_What you need to do_
Repeat only the lines from the one that contains "this 1500×1334 image." through the final line of the listing below, exactly, please, without pictures.

_Material provided_
• • • • •

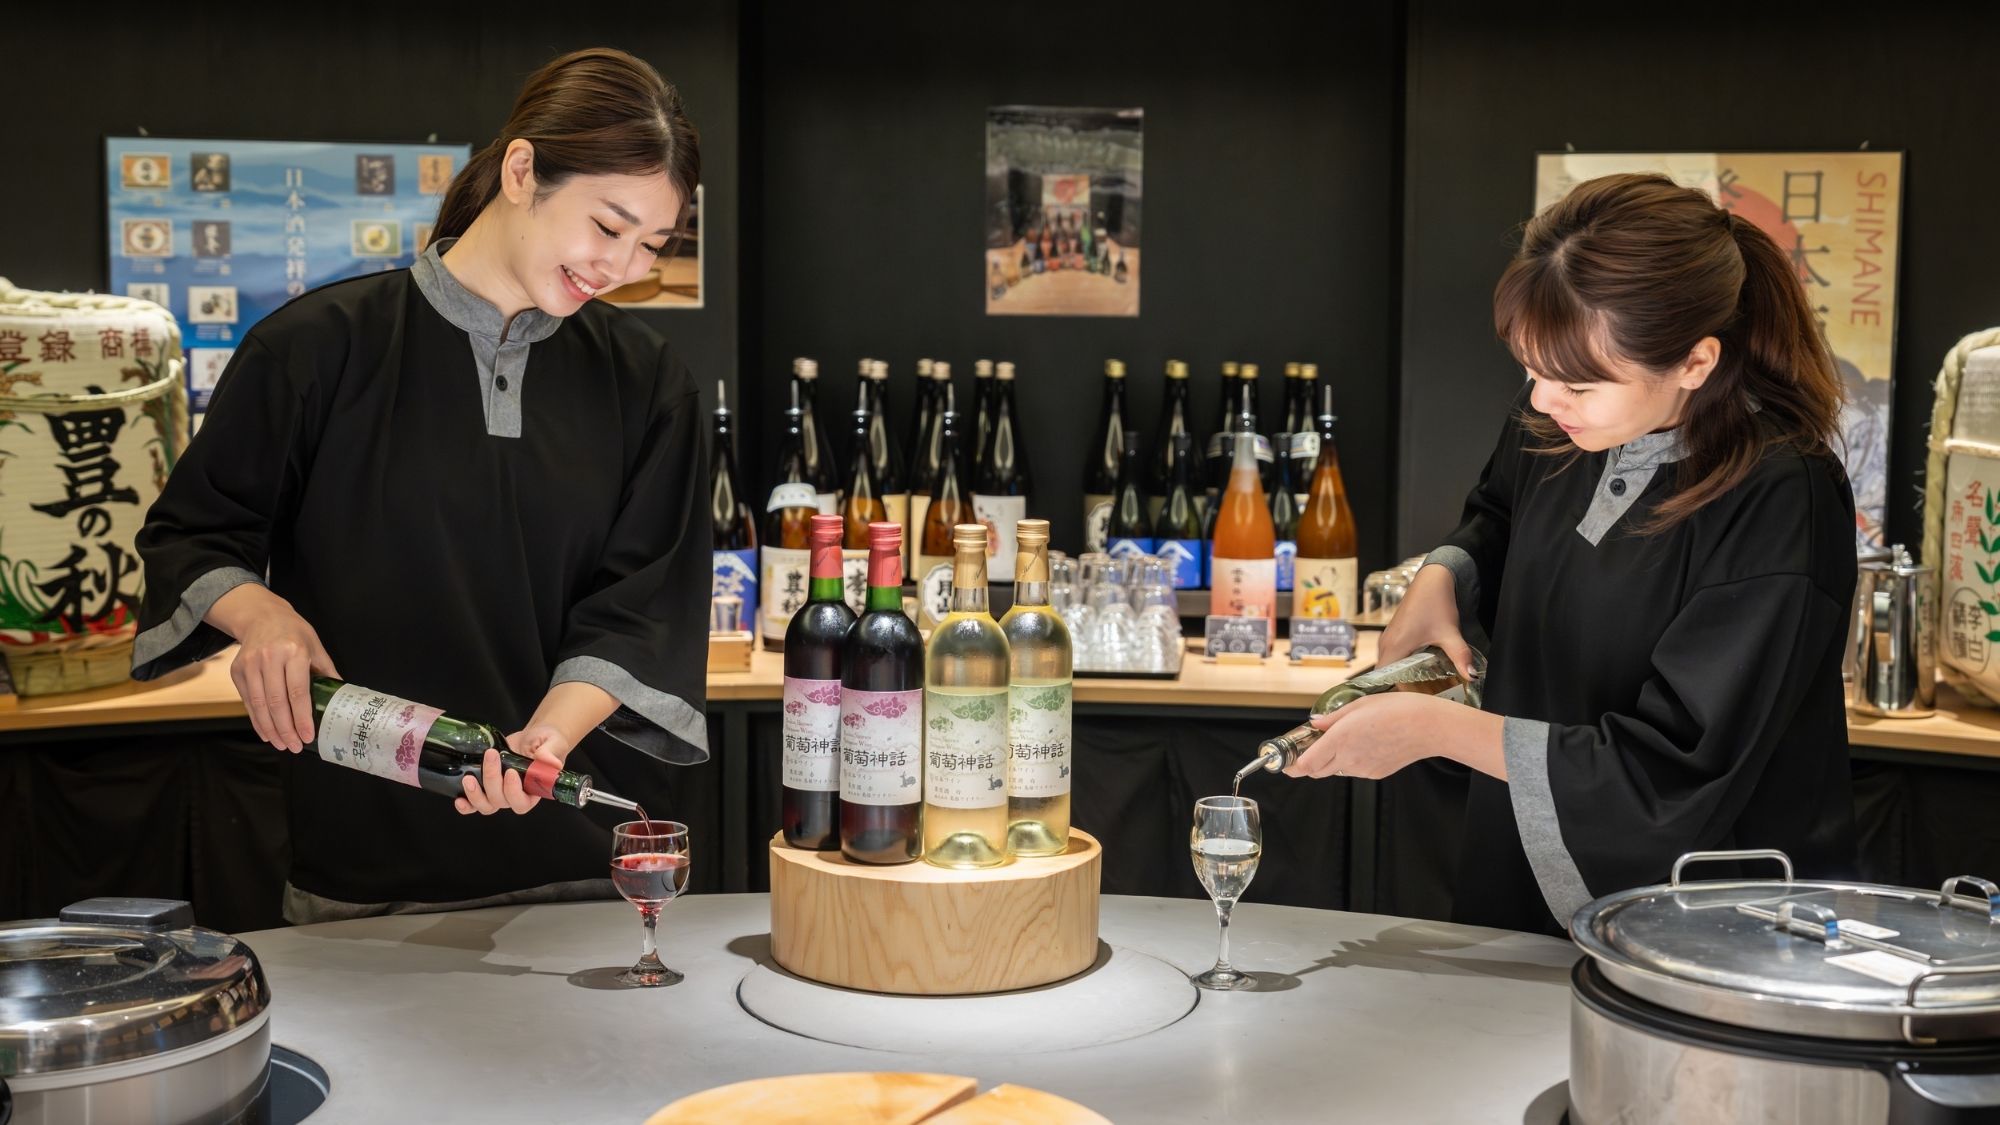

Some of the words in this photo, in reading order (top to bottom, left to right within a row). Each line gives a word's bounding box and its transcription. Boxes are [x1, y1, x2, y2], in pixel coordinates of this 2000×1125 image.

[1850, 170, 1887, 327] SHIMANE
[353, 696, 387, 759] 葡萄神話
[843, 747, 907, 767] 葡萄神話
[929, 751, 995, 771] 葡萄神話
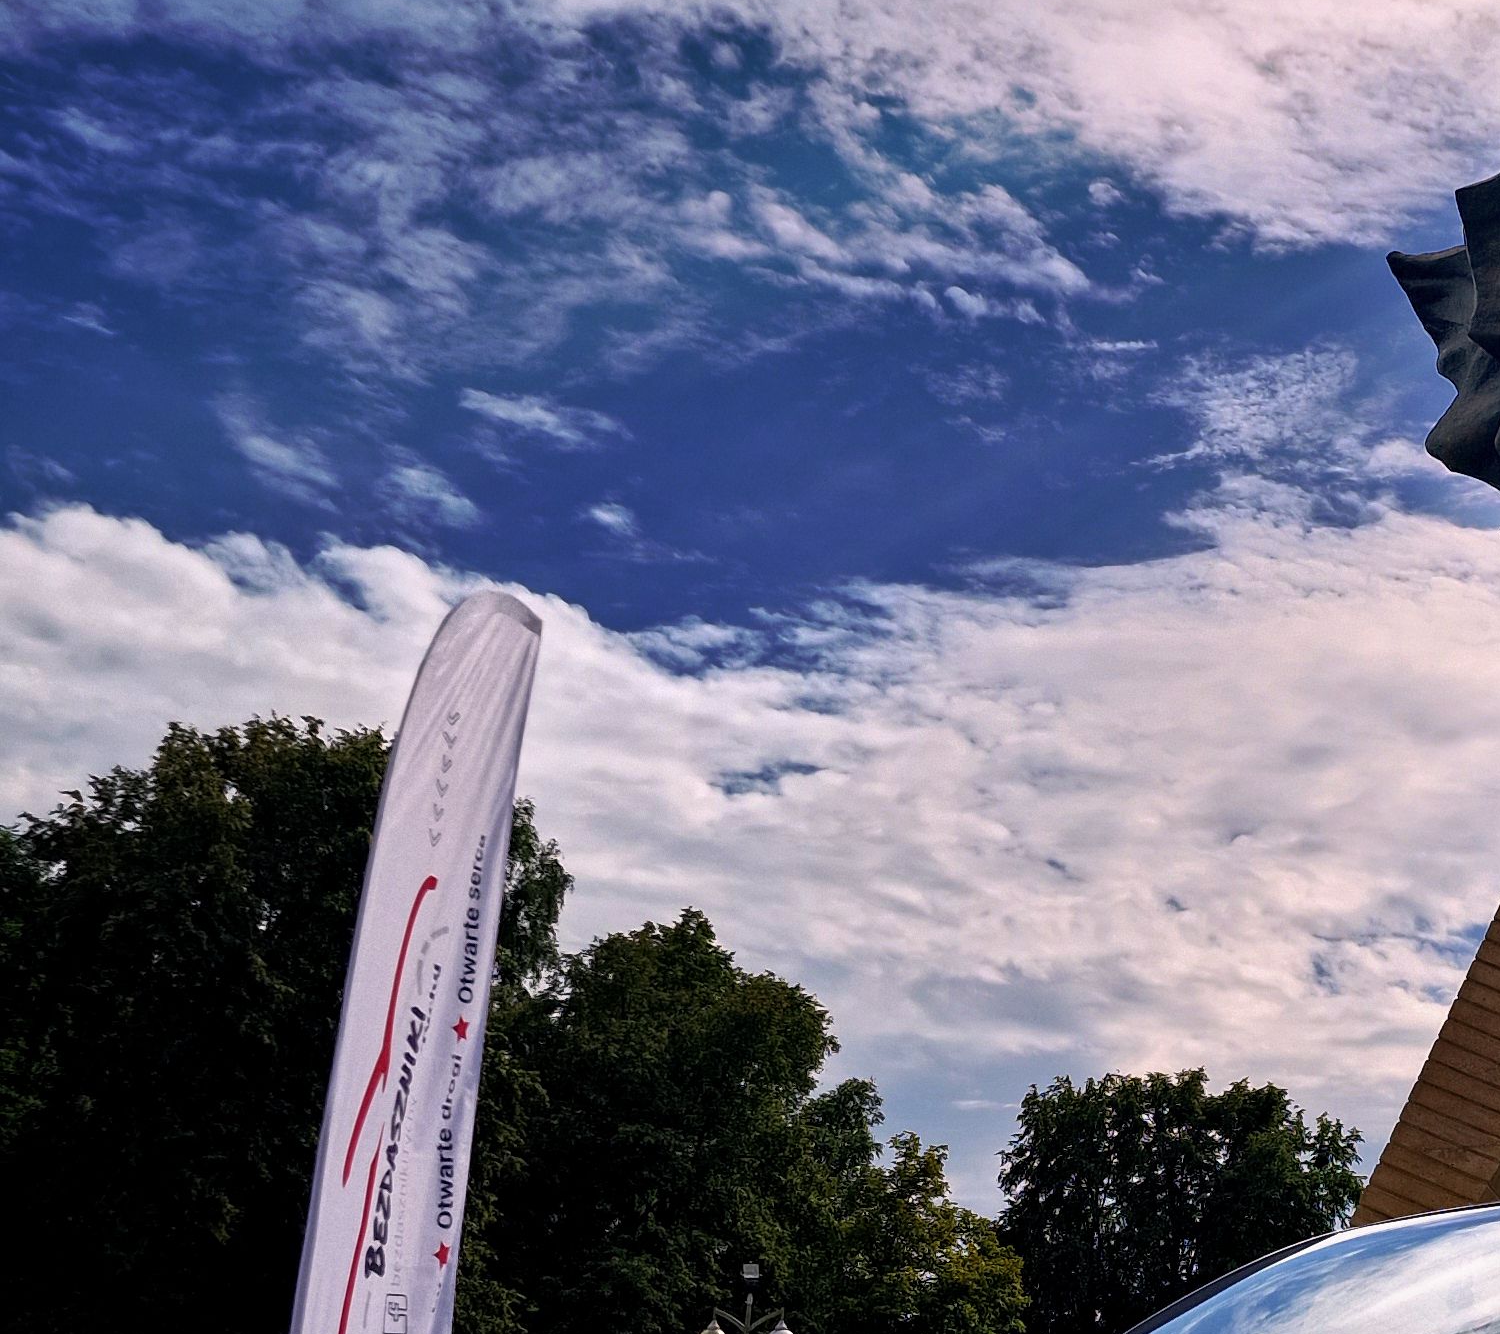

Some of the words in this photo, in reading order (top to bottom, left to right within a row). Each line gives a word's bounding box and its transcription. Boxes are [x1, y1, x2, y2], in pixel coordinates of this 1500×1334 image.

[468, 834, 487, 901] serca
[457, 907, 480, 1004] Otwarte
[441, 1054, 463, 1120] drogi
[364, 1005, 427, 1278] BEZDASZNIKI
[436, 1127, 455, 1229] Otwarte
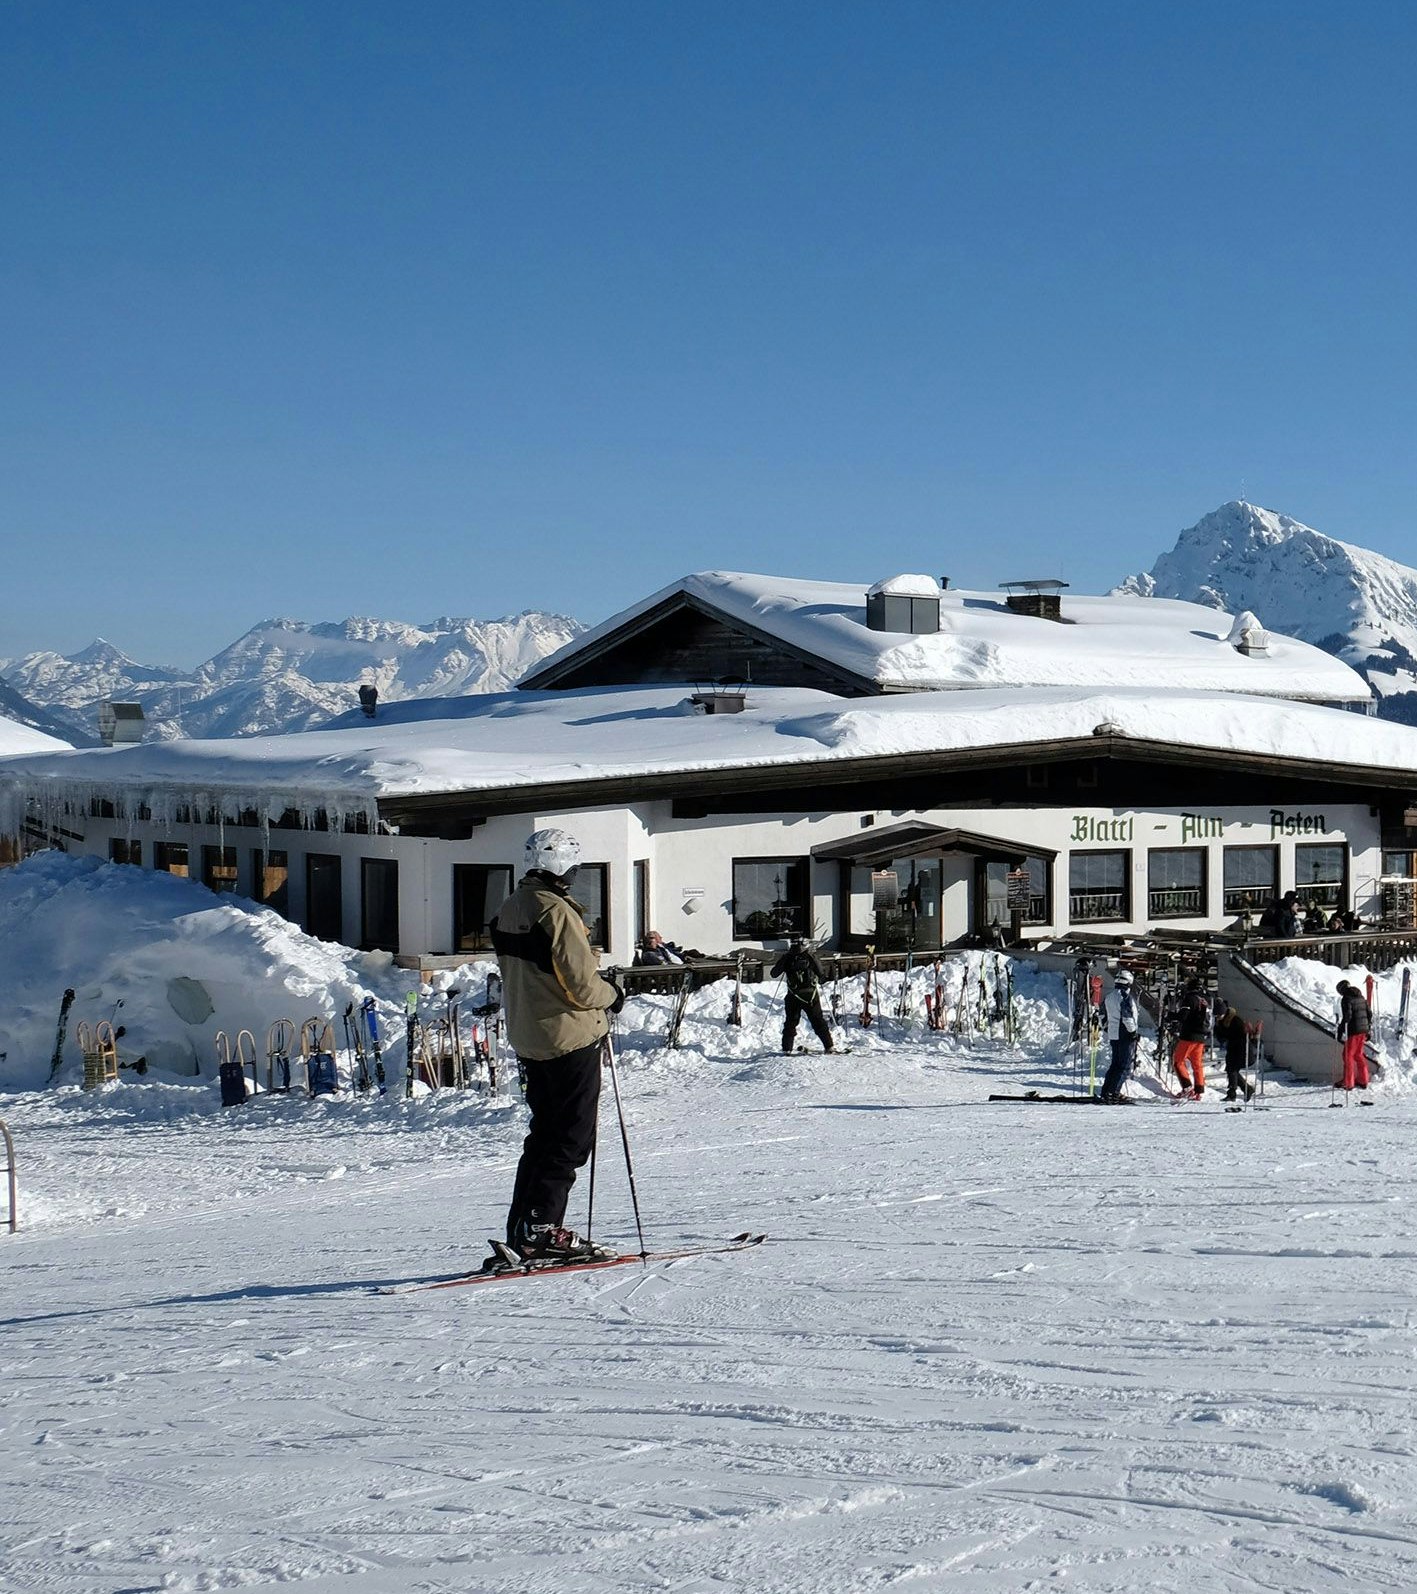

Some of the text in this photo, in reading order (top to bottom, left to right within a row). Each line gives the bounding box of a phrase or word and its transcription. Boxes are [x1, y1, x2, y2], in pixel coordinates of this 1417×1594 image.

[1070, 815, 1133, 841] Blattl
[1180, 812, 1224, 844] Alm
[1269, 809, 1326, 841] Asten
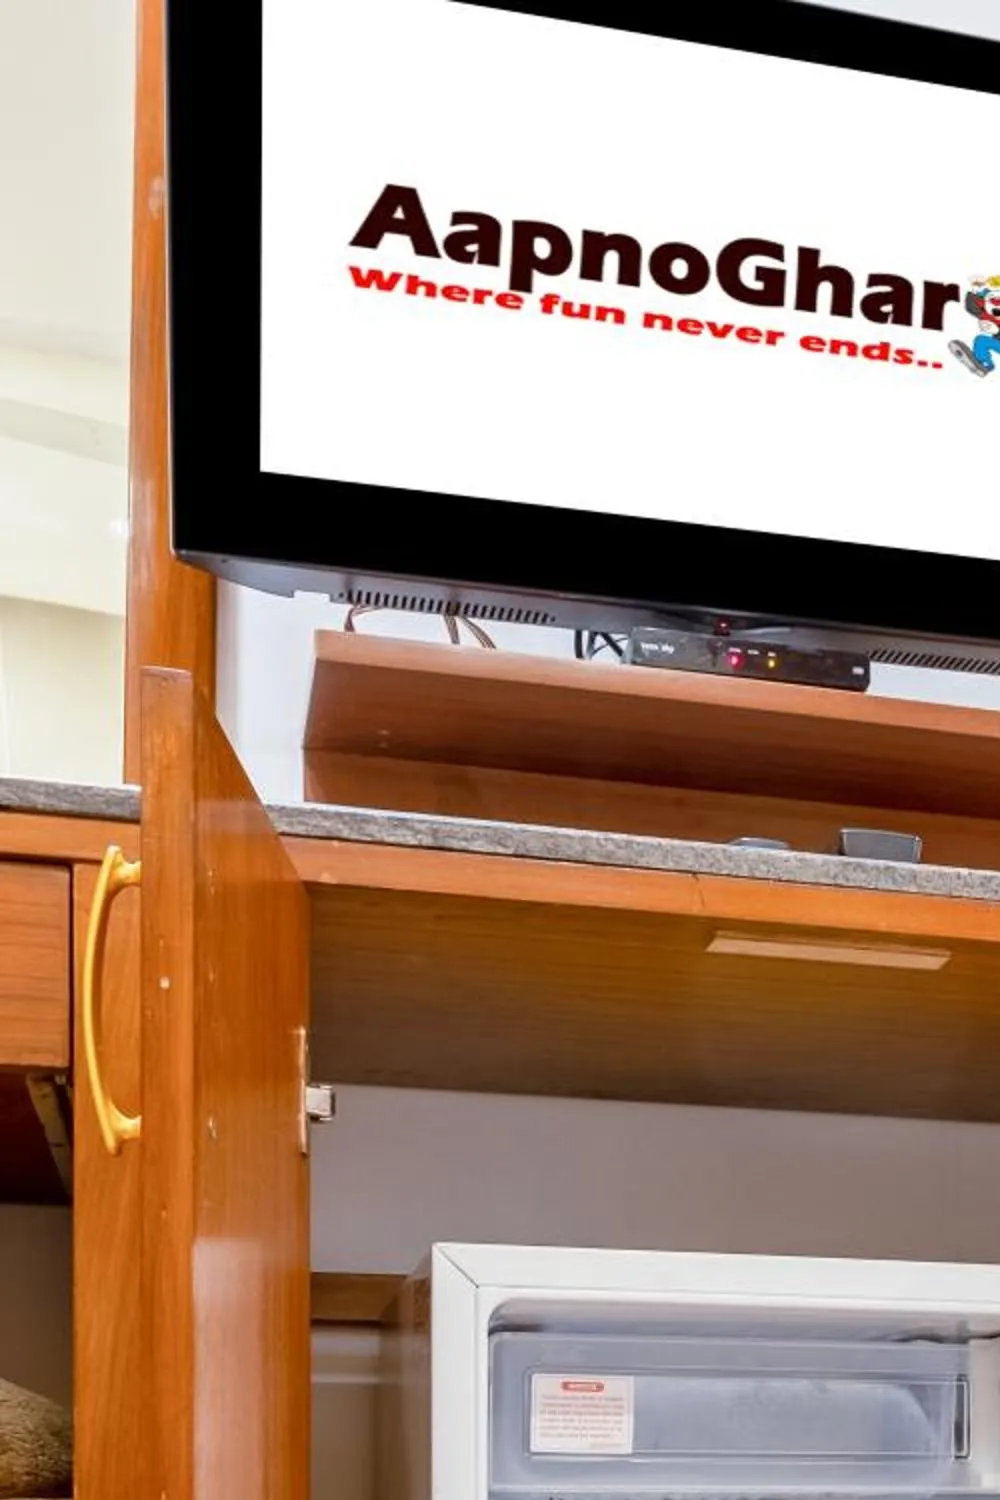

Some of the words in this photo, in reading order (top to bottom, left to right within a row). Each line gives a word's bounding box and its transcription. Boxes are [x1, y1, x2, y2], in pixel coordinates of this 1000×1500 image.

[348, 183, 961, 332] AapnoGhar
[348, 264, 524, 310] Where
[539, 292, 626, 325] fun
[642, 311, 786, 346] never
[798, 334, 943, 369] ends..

• • • • •

_Completed task_
Some of the words in this photo, in reading order (top to bottom, left to right within a row). Each line gives a word's bounding box and its transcription. Boxes are [x1, y1, x2, y2], in pixel coordinates of this 1500×1334 image.

[468, 834, 487, 901] serca
[457, 907, 480, 1004] Otwarte
[441, 1054, 463, 1120] drogi
[364, 1005, 427, 1278] BEZDASZNIKI
[436, 1127, 455, 1229] Otwarte

Some of the text in this photo, in reading order (top to bottom, left to right within a row). Each line gives the bounding box of a phrase or word and its transcription. Boxes are [x1, y1, x2, y2], in pixel coordinates of this 1417×1594 image.

[1070, 815, 1133, 841] Blattl
[1180, 812, 1224, 844] Alm
[1269, 809, 1326, 841] Asten

Some of the words in this photo, in reading order (top to bottom, left to right within a row). Each line gives a word's bounding box and its transcription. Boxes are [x1, y1, x2, y2], in pixel coordinates of this 1000×1500 image.

[348, 183, 961, 332] AapnoGhar
[348, 264, 524, 310] Where
[539, 292, 626, 325] fun
[642, 311, 786, 346] never
[798, 334, 943, 369] ends..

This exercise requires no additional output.